私はこれまで、輸血によって(どこかの誰かが分けてくれた血液によって)何度も命を助けてもらっているので、私も何かで誰かの役に立って、その連鎖の仲間入りがしたいという感情がいつからかありました。
だけど、輸血経験のある人間は献血をすることは出来ません。街頭で「●型の血液が足りません」という献血カーを見るたびに、出来るならやりたいのになぁと悔しみ、使える臓器があるならいずれ臓器提供をなども考えるけど、まだしばらくは自分で使うつもりだし、それでも何か今の自分で出来ることは無いかなぁと思っていた時に見つけたのが『ヘアドネーション』でした。

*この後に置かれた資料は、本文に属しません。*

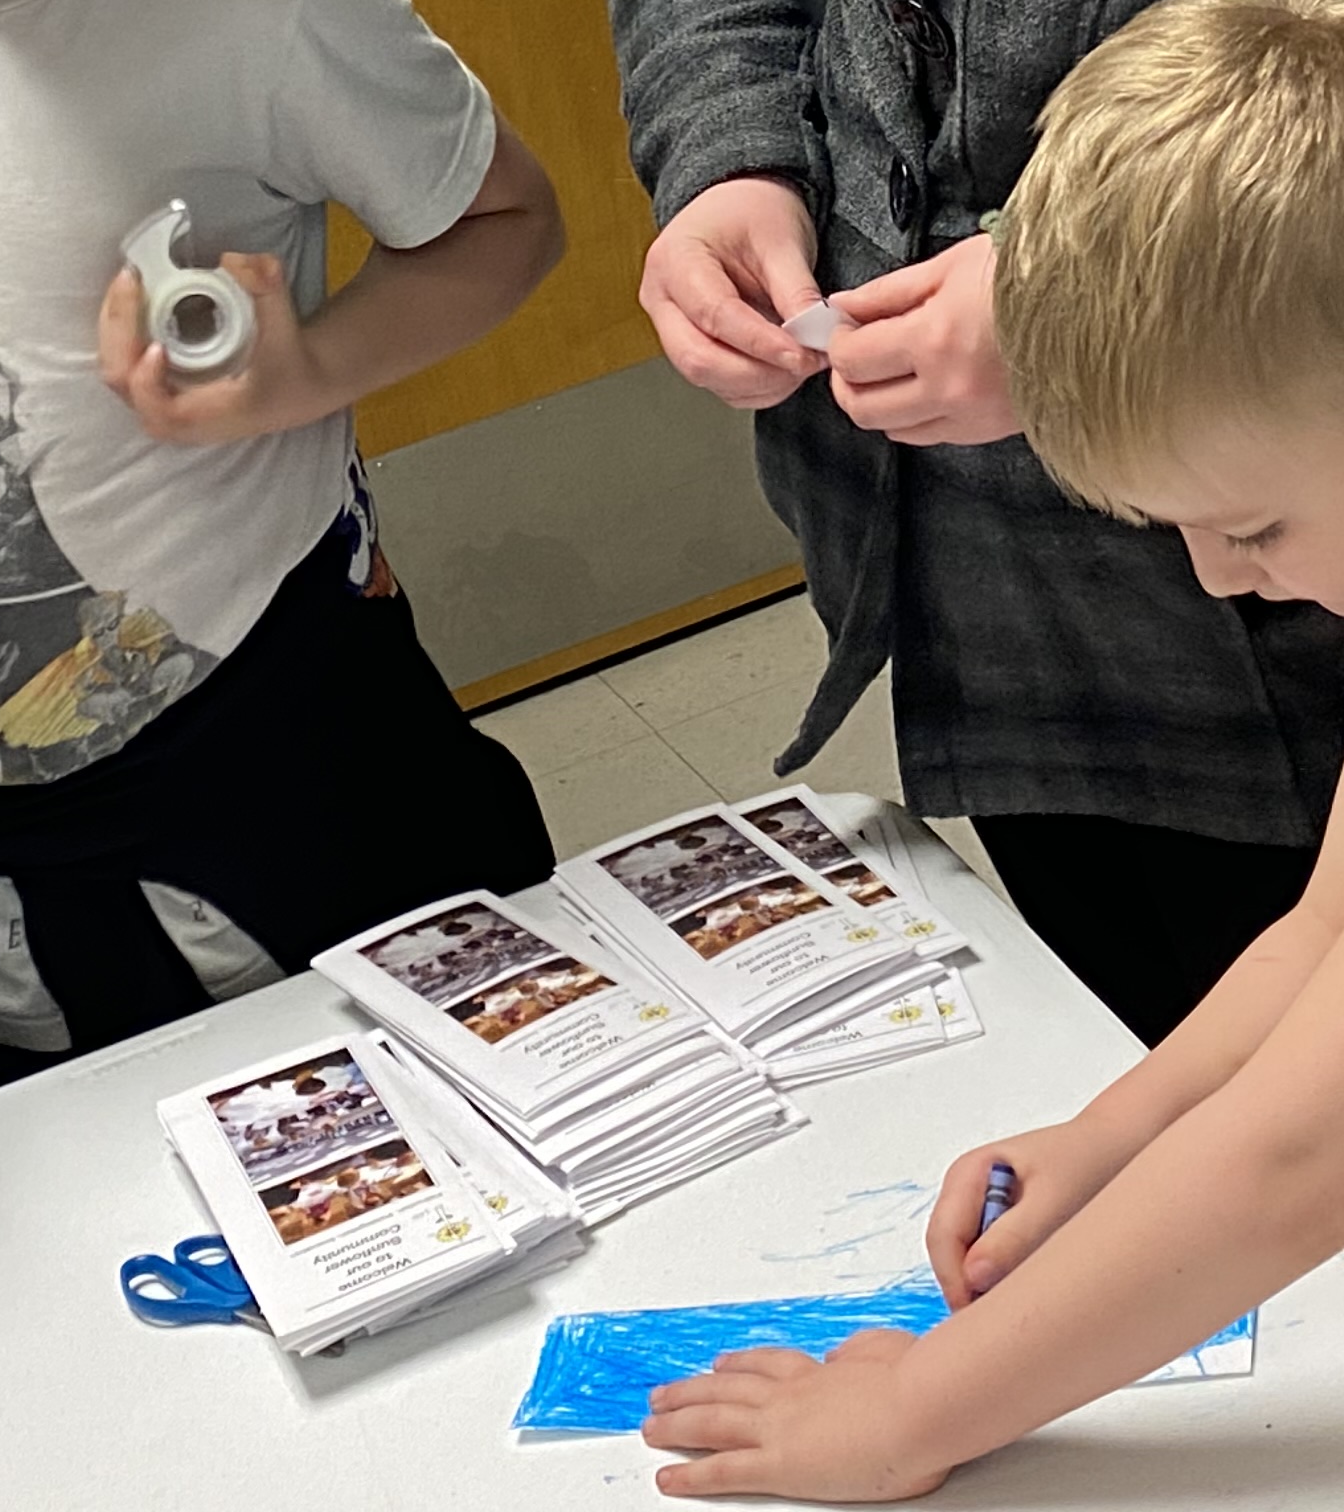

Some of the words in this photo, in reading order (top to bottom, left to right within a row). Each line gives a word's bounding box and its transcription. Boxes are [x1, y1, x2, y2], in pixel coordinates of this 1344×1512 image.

ヘアドネーションとは、病気やその治療の影響でウィッグを必要とする子どもたちの医療用ウィッグ(メディカルウィッグ)を作るために、自分の髪の毛を無償で提供することです。

集まった髪の毛は薬品につけるなどウィッグにするための処理(トリートメント処理)を加えるので、髪の色は何色でも構いません。最低でも31㎝以上の長さが必要という条件さえ満たせば、白髪でもパーマでも、投薬治療をしている人でも、大人でも子供でも関係なく寄付することが出来ます。

私はJapan Hair Donation & Charityへ、これまでに2回、髪の毛を送りました。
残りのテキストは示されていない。